死体キョンシーを散々見た後に爆食キメるのって大概だよな」

 ヤシャに至っては、ラーメンとチャーハンどっちも大盛りだ。かく言う私を含めて、全員がラーメンにチャーハンセットを注文した上に、餃子もひとり3個の計算で食べるつもりだからね。食欲ゼンカイ、オールオッケー!

「あいつら俊敏だから、やった分だけ腹が減るんだよな。グロよりも食い気が勝る」
「ゾンビより綺麗だって言うからまだマシじゃない? 本物見たことないけど」

 順にヒノリ、グレンだ。私としても、ホラーという名のスプラッタ映画を観ながらご飯を食べるのと同じ感覚だと思っている。

「飯時に観てんのかよ。さすが親子」
「シャオの子どもはいや!」
「なにをいまさら」
「なんだかんだで仲いいよね、アシュとシャオって」

 みんなひどい。探偵局にはエムリスもいるんだから、私とシャオだけがヘンだなんて思わないでいただきたい。エムリスだって涼しい顔で食べながら観てるからね!

「アシュとシャオが親子なら、エムリスはなに?」
「おじいちゃんだろ」

 ヤシャは言い得ている。私的にはお兄ちゃんがしっくり来るんだが、言動的におじいちゃんのほうが違和感ないや。見た目は若いのに……。

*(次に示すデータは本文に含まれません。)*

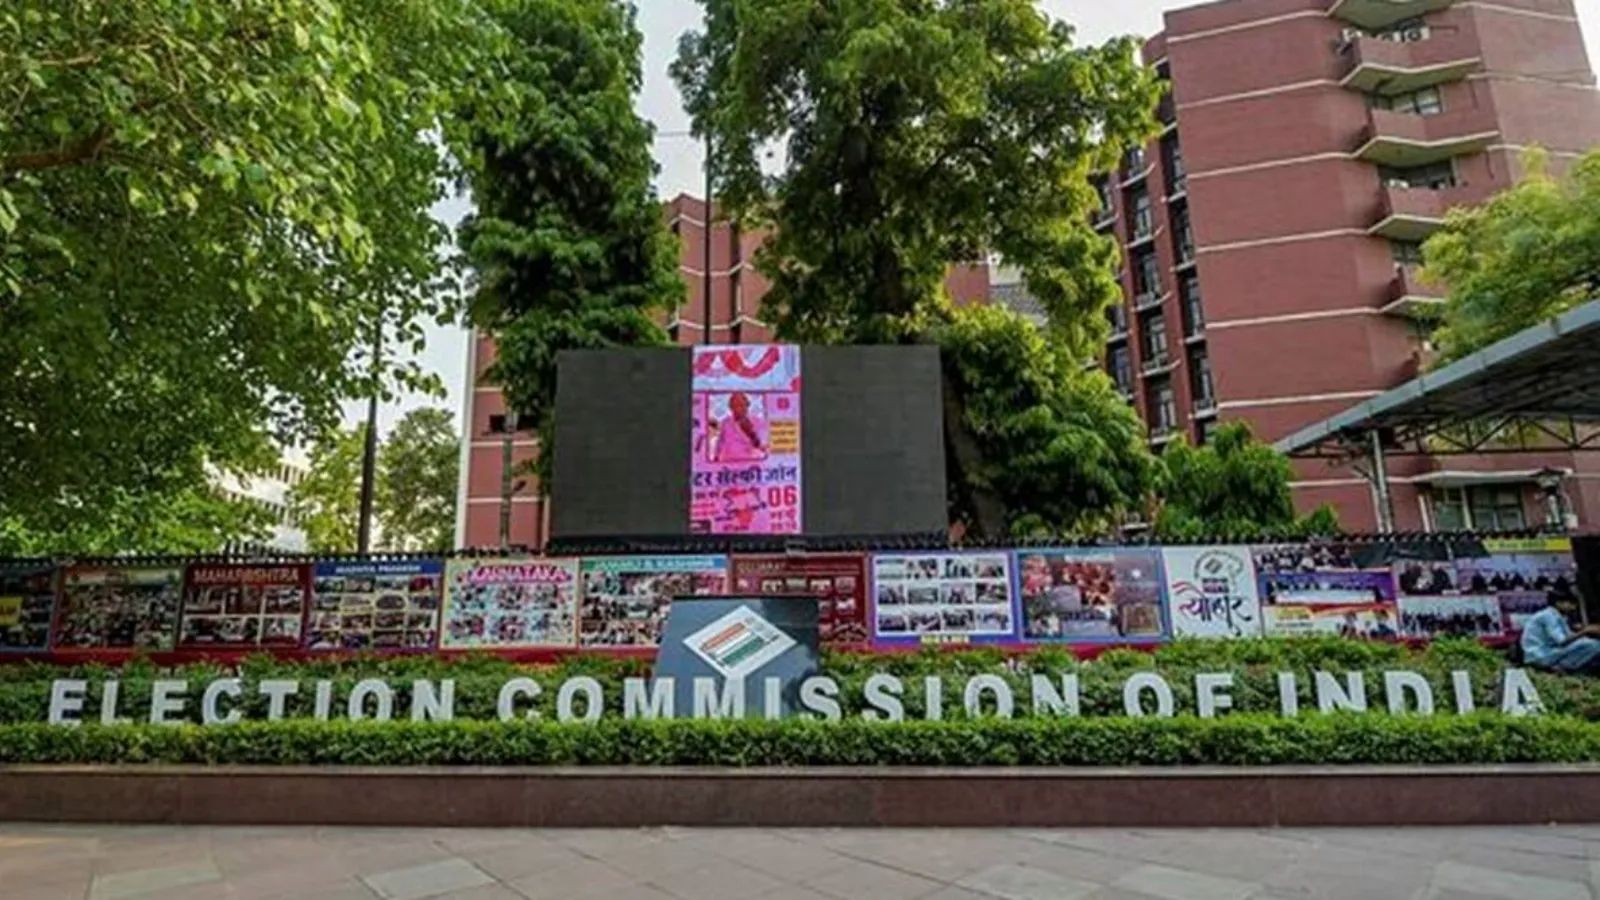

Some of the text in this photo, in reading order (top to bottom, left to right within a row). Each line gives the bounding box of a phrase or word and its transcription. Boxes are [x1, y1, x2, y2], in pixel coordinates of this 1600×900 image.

[768, 485, 797, 508] 06
[193, 566, 300, 584] MAHARASHTRA
[470, 563, 570, 583] KARNATAKA
[48, 667, 1548, 726] ELECTION COMMISSION OF INDIA
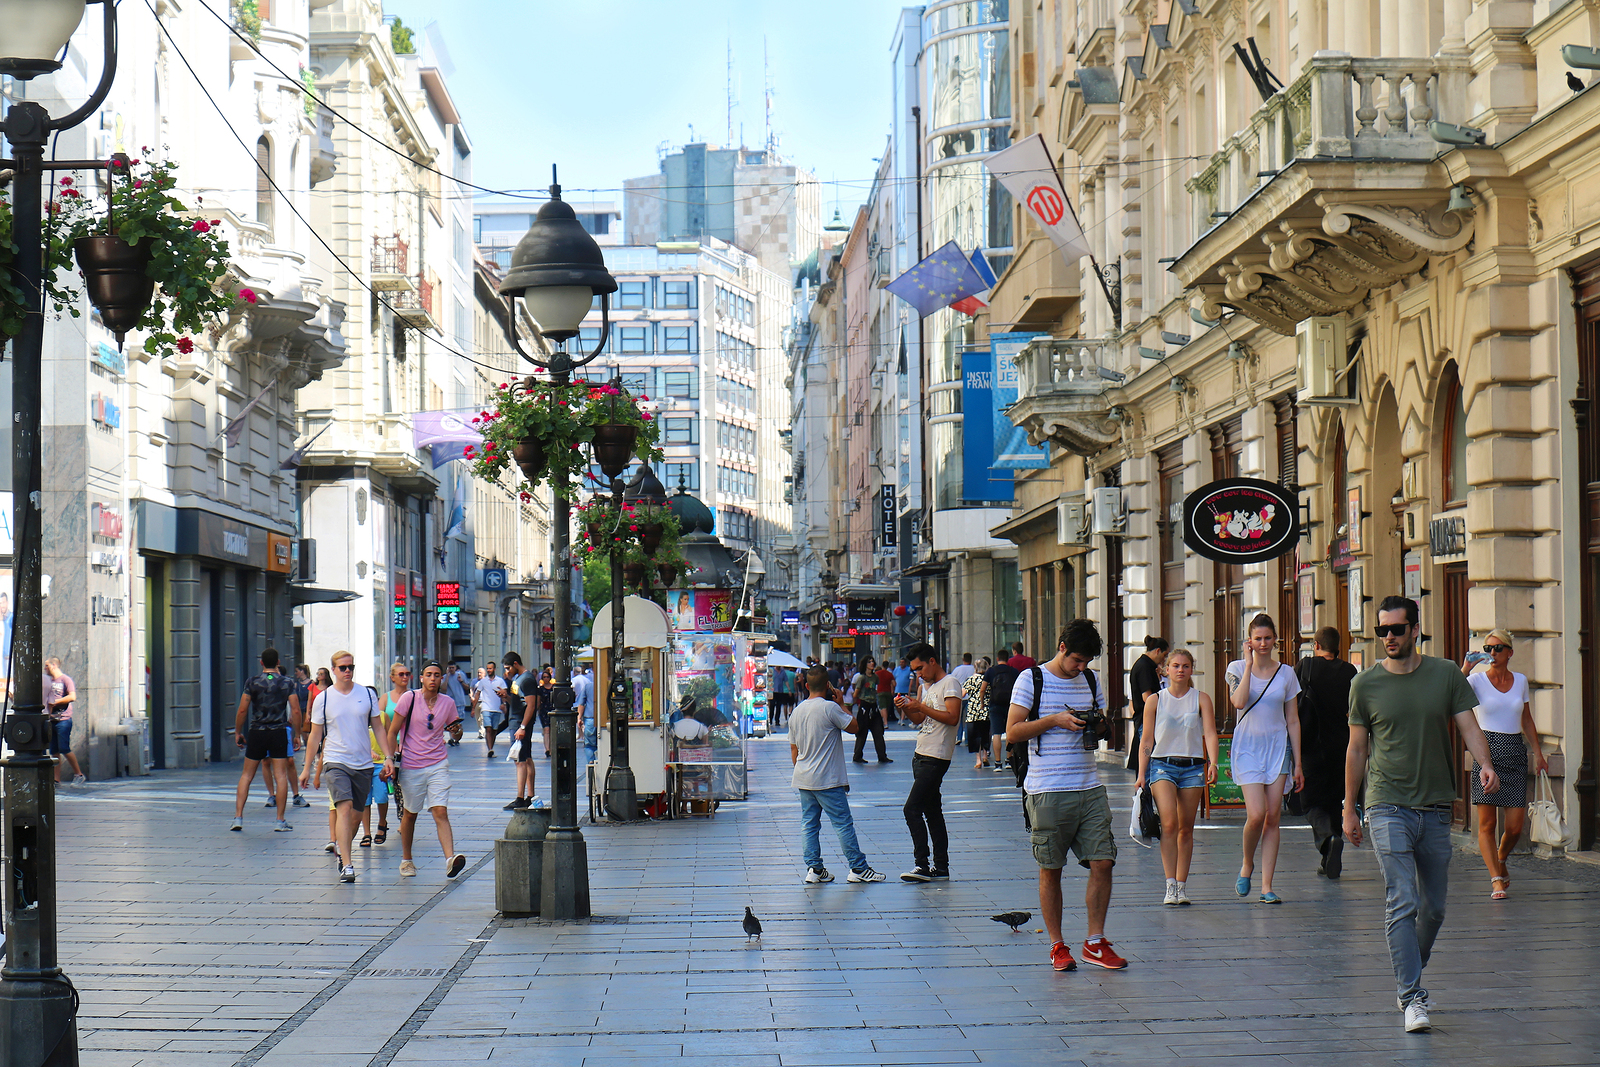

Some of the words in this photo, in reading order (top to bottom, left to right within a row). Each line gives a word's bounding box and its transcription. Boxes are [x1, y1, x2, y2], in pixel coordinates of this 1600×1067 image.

[1223, 490, 1240, 498] cow
[1254, 490, 1278, 504] cream
[883, 486, 893, 545] HOTEL
[438, 612, 448, 623] €
[449, 612, 458, 623] $
[698, 615, 717, 625] FLY

「ラーメンといえば、猫とか死人で出汁を取ってる店の都市伝説があるよな」
「ヤシャァァァ!」
「別にいいだろ。実物食ってるわけじゃねえんだし」

 いまのヒノリのほうがキョンシーよりも数倍恐かった。なんやかんやでヤシャだって私の弟だもん、この手の話題を選ばないわけがないんだ。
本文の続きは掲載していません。